RE: Content encoding problem... from Yaron Goland on 1997-02-22 (ietf-http-wg@w3.org from January to March 1997)

From: Yaron Goland <yarong@microsoft.com>
Date: Fri, 21 Feb 1997 19:47:29 -0800
To: 'Jeffrey Mogul' <mogul@pa.dec.com>, "'Roy T. Fielding'" <fielding@kiwi.ICS.UCI.EDU>
Cc: "'http-wg@cuckoo.hpl.hp.com'" <http-wg@cuckoo.hpl.hp.com>
Message-Id: <c=US%a=_%p=msft%l=RED-44-MSG-970222034729Z-4088@INET-05-IMC.microsoft.com>
Is it my imagination or is this issue really boiling down to: Is
identity an implicit or explicit content-encoding?
		Yaron

>-----Original Message-----
>From:	Jeffrey Mogul [SMTP:mogul@pa.dec.com]

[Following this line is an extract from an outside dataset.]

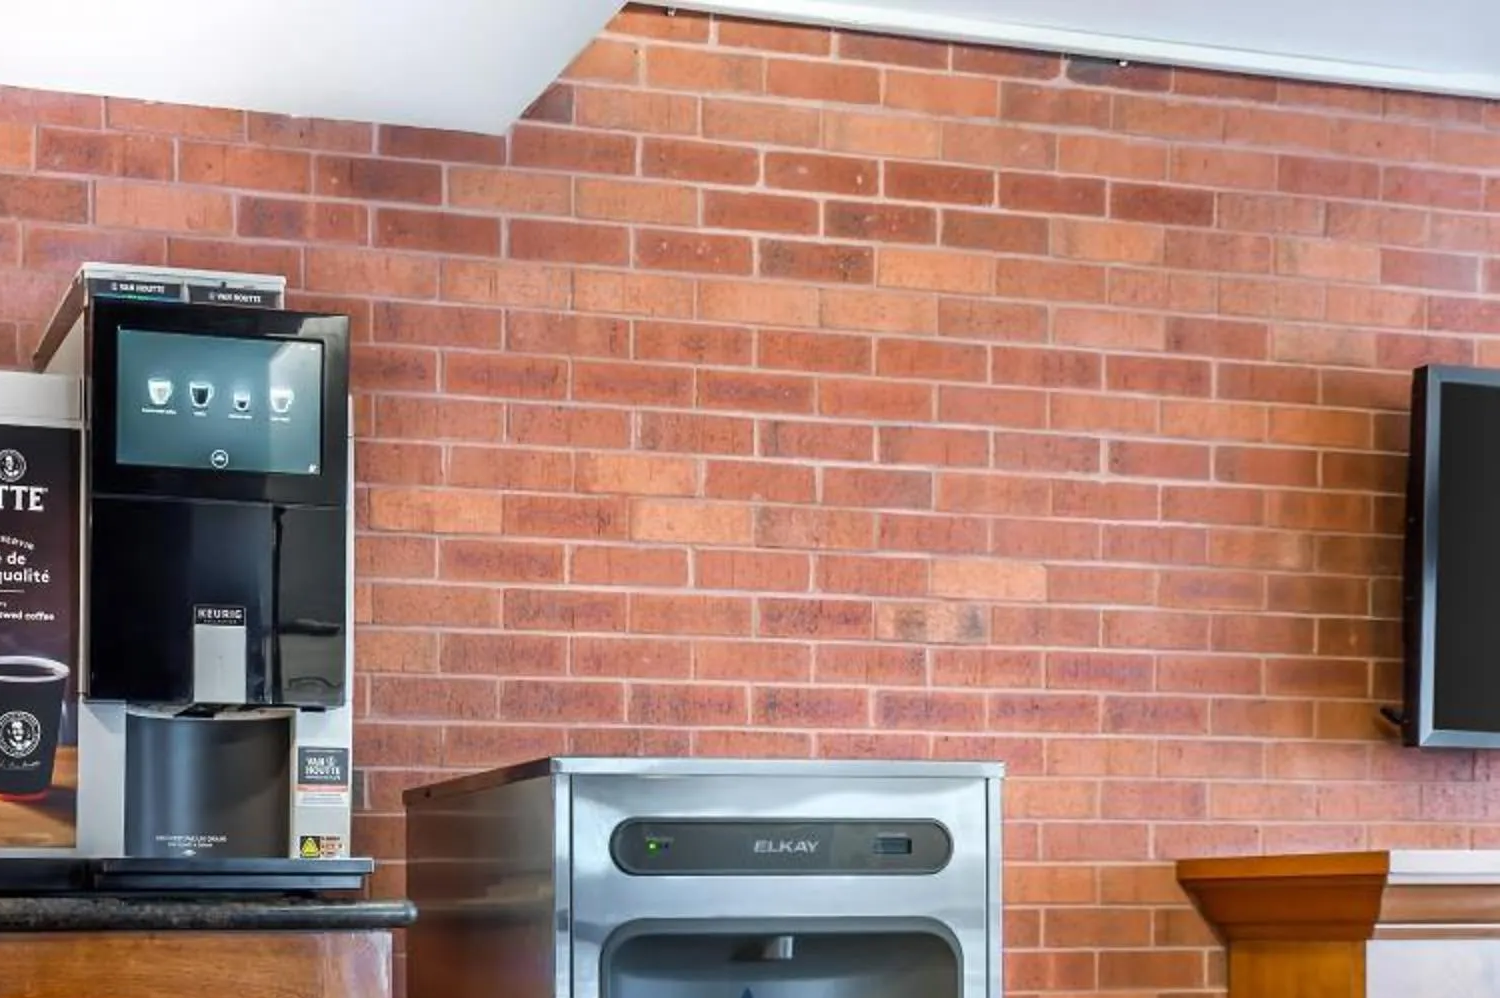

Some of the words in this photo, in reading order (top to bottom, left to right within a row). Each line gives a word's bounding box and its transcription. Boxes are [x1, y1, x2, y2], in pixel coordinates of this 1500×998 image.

>Sent:	Friday, February 21, 1997 6:42 PM
>To:	Roy T. Fielding
>Cc:	http-wg@cuckoo.hpl.hp.com
>Subject:	Re: Content encoding problem... 
>
>Roy's messages have been helpful.  I certainly understood that
>browsers are not the only clients involved, but I hadn't really
>made another important distinction.  Roy hints at it, but I don't
>think he's made it clear (perhaps because he won't agree with me
>that it exists).
>
>If you bear with me through another long message, I think we
>can actually specify "Accept-encoding" so that Roy and I are
>both happy.
>
>I think we can more or less agree on several things:
>
>	(1) It's not good if any client tries to interpret
>	the content of a response without realizing that it
>	has been encoded (e.g., a browser rendering an HTML
>	page, or an automated network manager that sets off
>	alarm bells when something seems wrong).
>
>	(2) It's also not good if a client that wants to
>	interpret (e.g., render) a response, but realizes
>	that it has been encoded in a way that the client
>	doesn't understand, and the client *would* have
>	been able to understand the identify encoding.
>	
>	(3) It's also not good if a server fails to send
>	a response to a client because it's not sure if
>	the client will be able to use it, and in fact
>	all that the client wants to do is to make a copy
>	of the server's bits.
>
>Roy seems to grudgingly grant #1 and #2, when he writes:
>    If a UA receives a response that includes a Content-Encoding value
>    which it is incapable of decoding, then the UA should be smart
>    enough to know that it cannot simply render the response.  There is
>    no excuse for failing to anticipate extensions of an extensible
>    field value.
>There may be no excuse, but Henrik says that this happens, and we
>need to face up to that.
>
>I hadn't really realized the issue for #3, which Roy expresses as:
>
>    For example, I have a save-URL-to-file program called lwpget.  It
>    never sends Accept-Encoding, because there has never been any
>    requirement that it should, and no HTTP/1.0 server ever needed it.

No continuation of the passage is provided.